In the low RS group, 10-year DFS was 60% with tamoxifen alone and 64% with CAF-T. In the high RS group, 10-year DFS was 43% with tamoxifen alone compared with 55% with CAF-T; that was a strong benefit. Therefore the 21-gene recurrence score assay was not only prognostic, but also predictive for the benefit of chemotherapy, and this was statistically significant in a Cox multivariate analysis. The RS was also predictive for OS in this trial; there was no benefit to CAF in the low RS group in either the first five years or over the entire time period, but there was a strong impact of CAF in the high RS group, both in the first five years and carrying over the entire 10 years of follow-up. In the high RS group, 10-year OS was 51% among patients receiving tamoxifen alone compared with 68% among patients receiving CAF-T. The conclusions of the authors were that this 21-gene recurrence score was prognostic for tamoxifen-treated patients with positive nodes, that chemotherapy benefit is predicted when the RS is high, and that a low RS may define a group of women with positive nodes who do not appear to benefit from anthracycline-based chemotherapy.
There is one other trial with node-positive patients that had previously been presented at ASCO and was updated at San Antonio, and that is an analysis of ECOG 2197.4 This trial design was different from the Intergroup trial in that it did not compare tamoxifen to tamoxifen and chemotherapy; the arms of this trial compared two different types of chemotherapy and all patients received tamoxifen if they were hormone receptor-positive. They selected a group of patients for the Oncotype DX test and they did centralized testing for ER, PR, HER2, and grade. What they found was that for hormone receptor-positive patients with 0-3 positive nodes treated with a standard adjuvant chemo-hormonal therapy, they had comparable outcomes for 1-node positive versus 0 nodes. The RS correlated positively with recurrence, and a low RS was predictive of an excellent outcome at five years, with only a 3% recurrence rate if one positive node was detected. It should be kept in mind that everyone received chemotherapy in this case. A low RS was found in almost half of these patients who were hormone receptor-positive. The authors concluded that the RS provides additional information that is complementary to the clinical pathologic features that are normally reported on breast cancer patients and that are integrated into the analysis provided by Adjuvant! Online, another model that predicts DFS after adjuvant therapy.
OncoEd: Can you comment on the differences between Oncotype DX and the 70-gene assay, MammaPrint®?
Dr. Schwartzberg: There are other tests that are being developed to evaluate the expression of genes that are important in prognosis and prediction of response to specific breast cancer therapies. The Oncotype DX test is done on formalin-fixed paraffin-embedded tissue, which has the advantage that it can be done on archival samples and can be done by RT-PCR, which remains accurate in that setting. Another approach is to look at gene microarray technology, and that is what is done in another test, MammaPrint, which is done on 70 genes; interestingly, almost a completely different gene set from those found in the 21-gene recurrence score assay. This test is done on fresh-frozen tissue, and because most American pathology groups and surgeons are not set up to store fresh-frozen tumor tissue at this moment, MammaPrint has limited practical applicability. However, from a scientific perspective it remains very interesting indeed.

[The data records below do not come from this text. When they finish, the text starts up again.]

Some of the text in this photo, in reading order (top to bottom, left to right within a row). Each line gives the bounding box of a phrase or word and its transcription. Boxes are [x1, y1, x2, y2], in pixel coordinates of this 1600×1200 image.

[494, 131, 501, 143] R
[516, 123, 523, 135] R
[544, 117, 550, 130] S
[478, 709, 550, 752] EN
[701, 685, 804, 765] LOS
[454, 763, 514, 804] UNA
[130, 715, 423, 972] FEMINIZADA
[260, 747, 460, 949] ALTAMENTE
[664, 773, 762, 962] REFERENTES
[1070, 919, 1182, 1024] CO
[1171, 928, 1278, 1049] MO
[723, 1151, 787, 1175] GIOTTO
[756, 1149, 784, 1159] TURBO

A study among patients with 1-3 positive lymph nodes assessed how well the 70-gene signature determined outcome.5 Of 106 patients, 43 were classified as good-prognosis based on the gene signature and 63 were classified as poor-prognosis. Node-positive patients with a good-prognosis signature had a 98% survival at 10 years and 95% distant DFS at 10 years compared with 54% OS for poor-prognosis signature patients and 70% distant DFS at 10 years. It appears that the 70-gene prognosis signature can identify low risk groups in the 1-3 positive lymph node group as well.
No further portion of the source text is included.